━━━━━ EXTRACTED MATERIAL ━━━━━

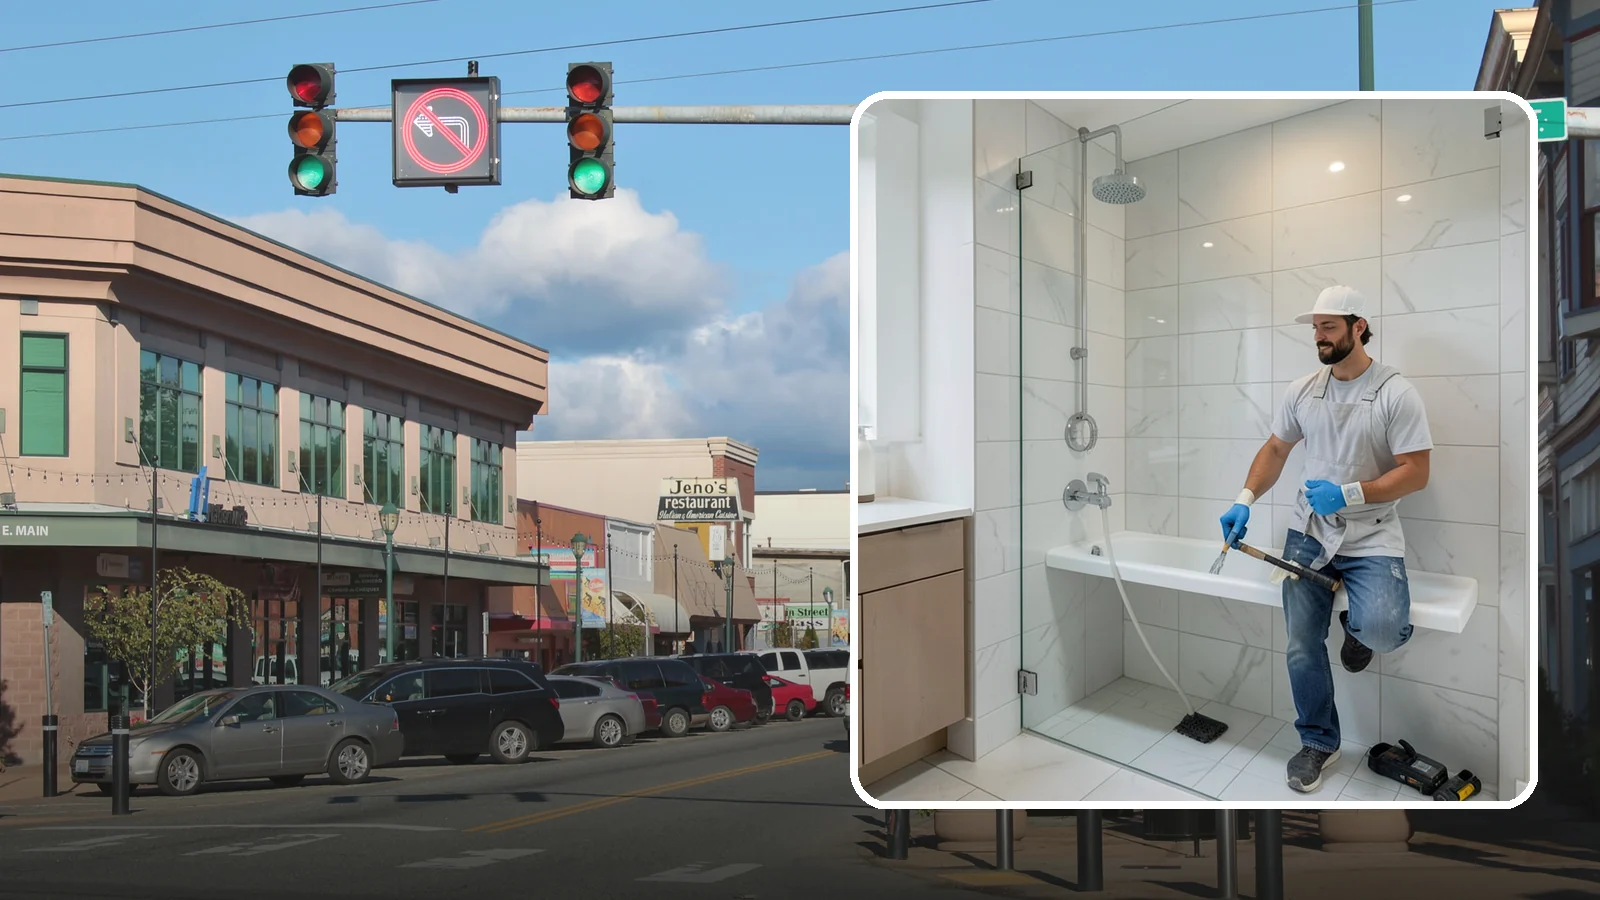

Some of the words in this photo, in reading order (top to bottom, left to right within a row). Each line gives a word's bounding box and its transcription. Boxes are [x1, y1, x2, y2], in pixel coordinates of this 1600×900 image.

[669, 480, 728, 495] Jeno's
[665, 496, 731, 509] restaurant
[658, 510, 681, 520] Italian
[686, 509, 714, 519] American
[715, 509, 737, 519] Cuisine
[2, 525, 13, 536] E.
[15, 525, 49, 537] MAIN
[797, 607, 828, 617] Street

━━━━━

## WORK REQUEST
Copy out every line of the data exactly, leaving the images behind.

## COMPLETED TASK
Some of the words in this photo, in reading order (top to bottom, left to right within a row). Each line gives a word's bounding box and its transcription. Boxes are [x1, y1, x2, y2], in pixel coordinates of this 1600×900 image.

[669, 480, 728, 495] Jeno's
[665, 496, 731, 509] restaurant
[658, 510, 681, 520] Italian
[686, 509, 714, 519] American
[715, 509, 737, 519] Cuisine
[2, 525, 13, 536] E.
[15, 525, 49, 537] MAIN
[797, 607, 828, 617] Street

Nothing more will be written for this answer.